Фашисты по молодости лет не знали, как поступить. Это были неопытные фашисты, фашистята. Рывшийся перестал растопыривать плечи и остановился.
— И лады, — одобрил веселый. — Выкладывай.
Что-то невнятно бурча, рывшийся небрежно уронил рублевки Юрику на колени.
— Ну и отпустишь ты его, наконец? — не приближаясь, спросил веселый.
— Ладно-ладно, — пробормотал державший и выпустил палец. — Сладил, дылда… подожди еще, я твое лицо запомнил…

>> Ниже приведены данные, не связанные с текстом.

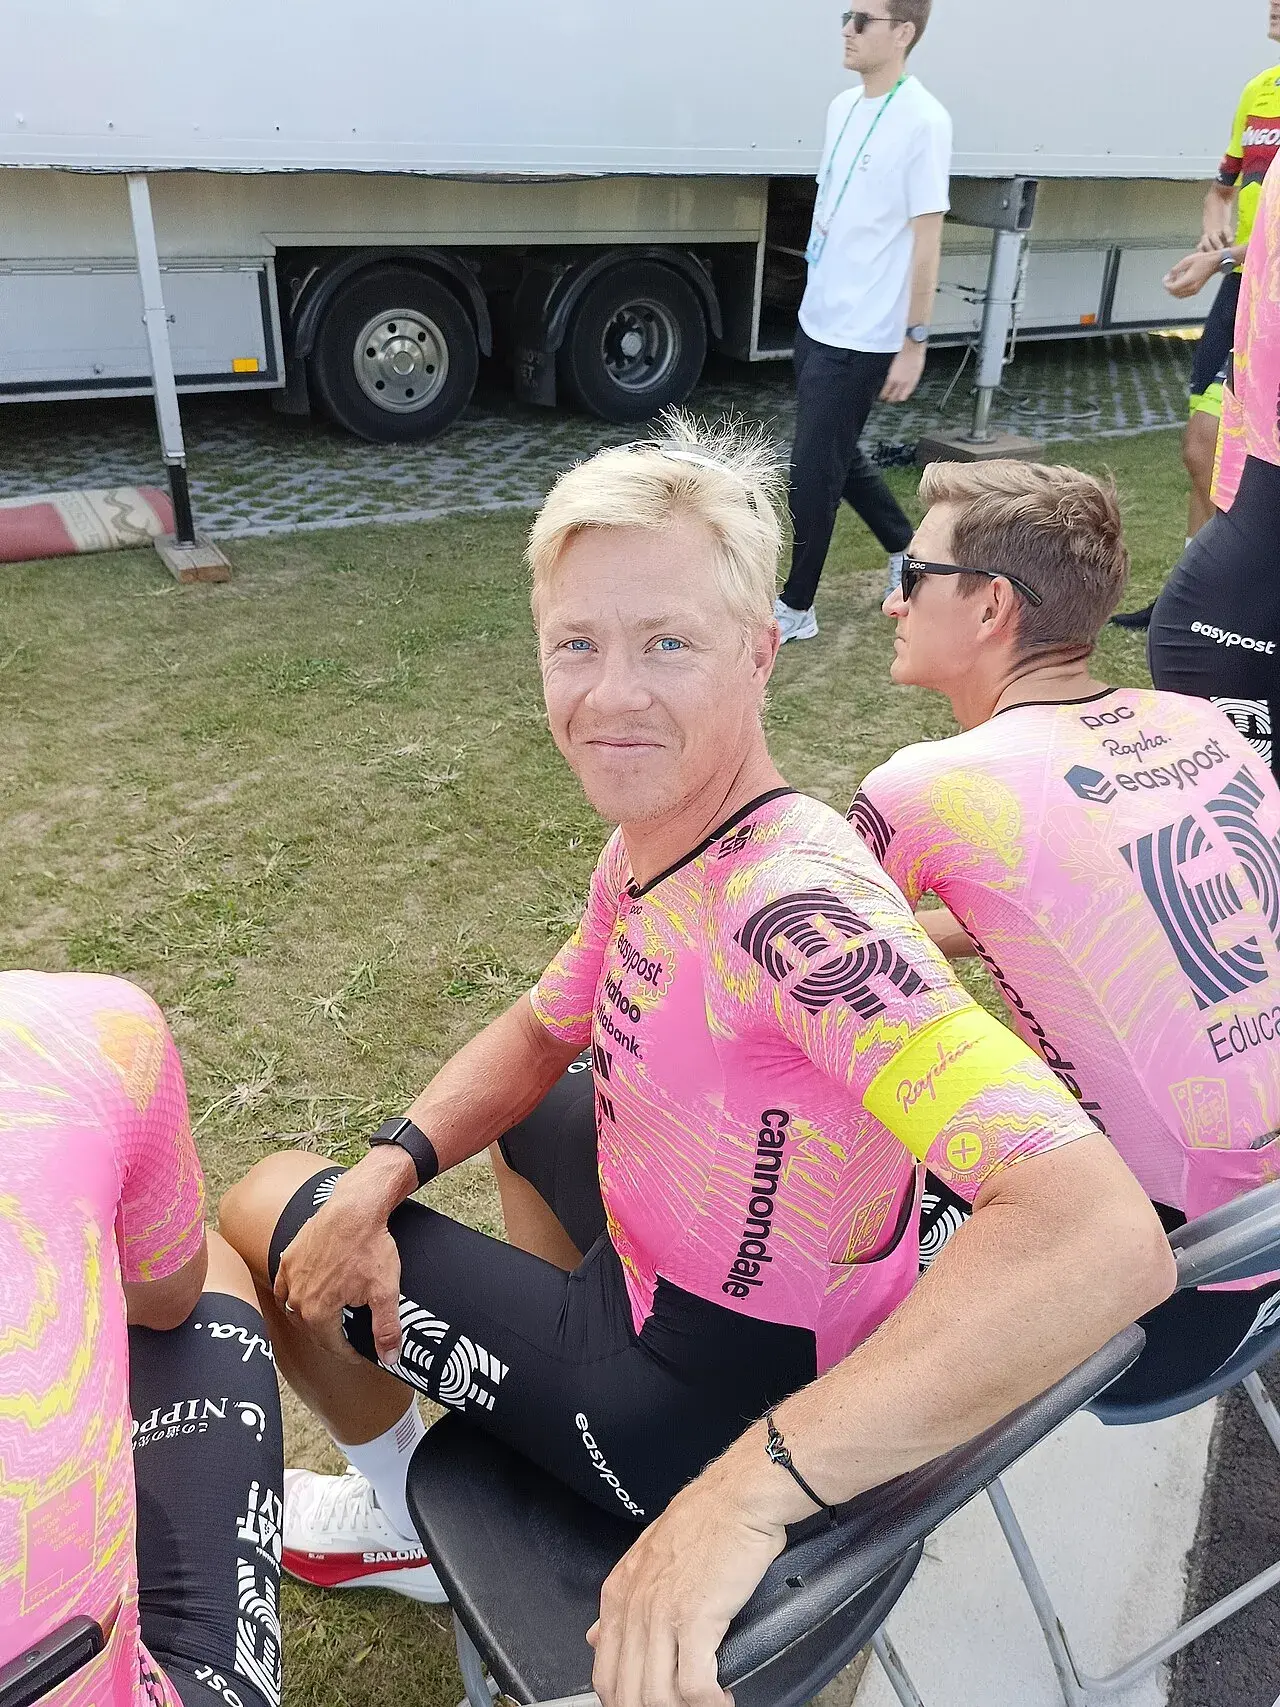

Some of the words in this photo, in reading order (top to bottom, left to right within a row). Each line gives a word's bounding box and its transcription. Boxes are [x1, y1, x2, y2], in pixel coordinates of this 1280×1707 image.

— Мое лицо всем врезается в память, — согласился спаситель, улыбаясь, и негромко скомандовал: — Кругом — марш!
И фашистята, еще раз огрызнувшись, побрели в темноту мимо безмятежно целующейся пары.
Спаситель сел, и Юрик, наскоро стерев слезы, шмыгая носом, уставился на него.
Он не походил на героя вестерна. Слишком доброе лицо. В боевиках людей с такими лицами обычно бандиты убивают в самом начале, чтобы зритель начал сопереживать и смотреть с интересом.
— Сдрейфил? — спросил спаситель. Юрик всхлипнул, сосредоточенно вправляя палец. От боли хотелось выть. — Деньги не потеряй, — спаситель аккуратно сложил рублевки и сунул Юрику в карман. Провел по его руке. — Экий холодный… Чего сидишь? До дому двигай, расселся тут…
— Что же это? — плачуще воскликнул Юрик.
— Что? — озадачился спаситель.
— Разве так еще бывает? Куда милиция смотрит? Дружинники?
Спаситель повнимательней заглянул Юрику в лицо. Качнул головой.
— Вы… дружинник? — шепотом спросил Юрик.
— Ясно дело, — ответил спаситель. — Володимирскай. Наши до Рязани двинули, а я отстал, запой, вишь, у меня…
Юрик всхлипнул.
— Ну, вставай, вставай, — сказал спаситель. — Помочь?
— Нет, — ответил Юрик как можно тверже. Что же это такое, погулять не могу без помощи, с отчаянием начал понимать он. Ноги не держали, хотели снова уронить его на скамью. Спаситель поддержал. Коленки трепетали, в них ударами вспыхивала боль.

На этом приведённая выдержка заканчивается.